The redesign of assignments also raises concerns regarding the correctness of responses generated by GenAI since students risk counterproductive learning if the generated information is incorrect or misleading. However, instead of perceiving this as counterproductive learning, educators must teach students to identify incorrect information by fact-checking using trusted non-AI-generated resources such as textbooks and teaching staff, which is an essential skill in a discipline where much of the recent content knowledge is acquired through community sources (such as forums, blog posts, and online documentation). This can strengthen student understanding of topics and simultaneously improve their metacognitive skills.

3.2. Strategy 2: Teach Metacognition

With increasing online resources, students are becoming less reliant on educators, as their first source of study assistance is usually the Internet (Hou et al., 2024a) because Internet searches supply answers instantly. One main advantage of educators’ responses to student queries is that they provide personalised feedback that answer specific details of the questions that online searches may not supply. However, now GenAI tools are easily accessible and students can receive unlimited, immediate, and personalised feedback. Consequentially, we have observed fewer help requests from students in our computing laboratories, as described in Subsection 2.2. This indicates that we may better support student learning by increasing attention to skills students cannot learn simply with assistance from GenAI, such as metacognitive skills crucial when learning CS (Prather et al., 2020).
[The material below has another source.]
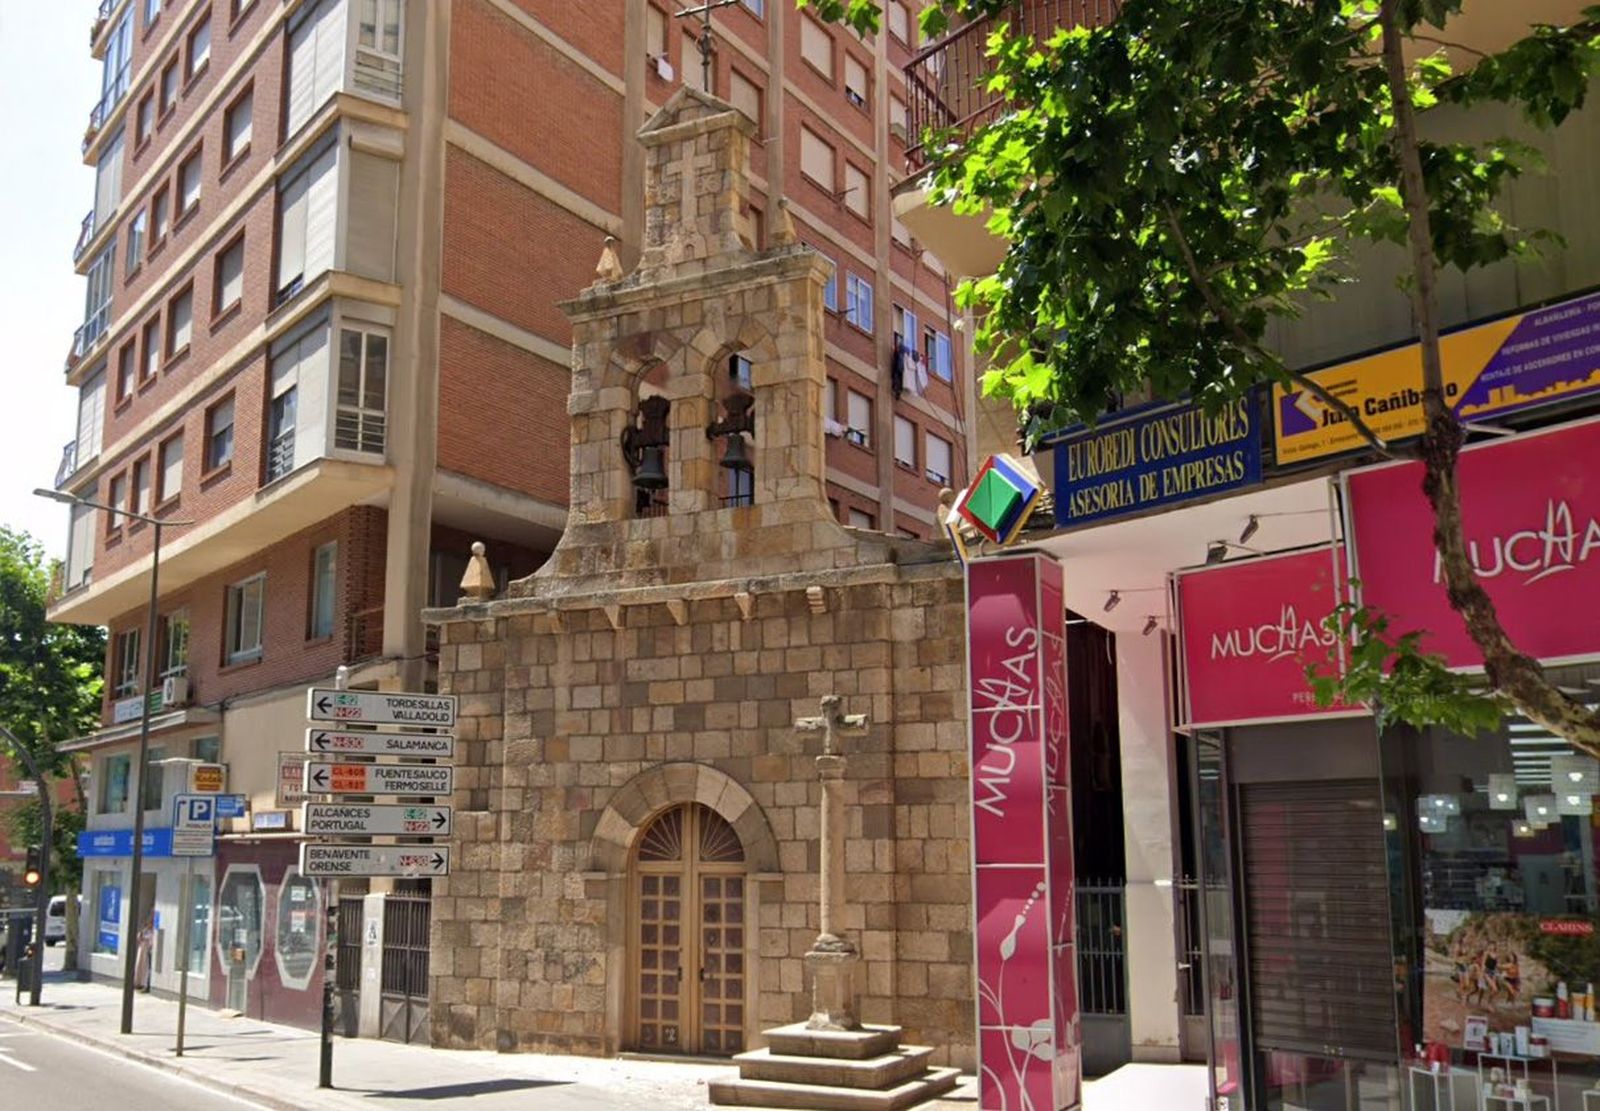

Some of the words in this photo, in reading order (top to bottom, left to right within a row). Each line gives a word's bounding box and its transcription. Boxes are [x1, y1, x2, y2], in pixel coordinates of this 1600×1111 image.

In Subsection 2.2, we outline the differences in the approaches of using GenAI between more motivated students and those less motivated, which may also be attributed to the differences in metacognitive skills, where more motivated students understand the harmful effects of using GenAI without engaging in learning. In contrast, those less motivated may not consider the future effects of copying from GenAI, such as the lack of understanding leading to difficulties during assessments. We believe that it should be the educators’ responsibility to highlight the risks of copying from GenAI and the correct and most effective ways of using GenAI when learning, such as asking GenAI to refrain from providing full solutions and instead provide explanations and examples.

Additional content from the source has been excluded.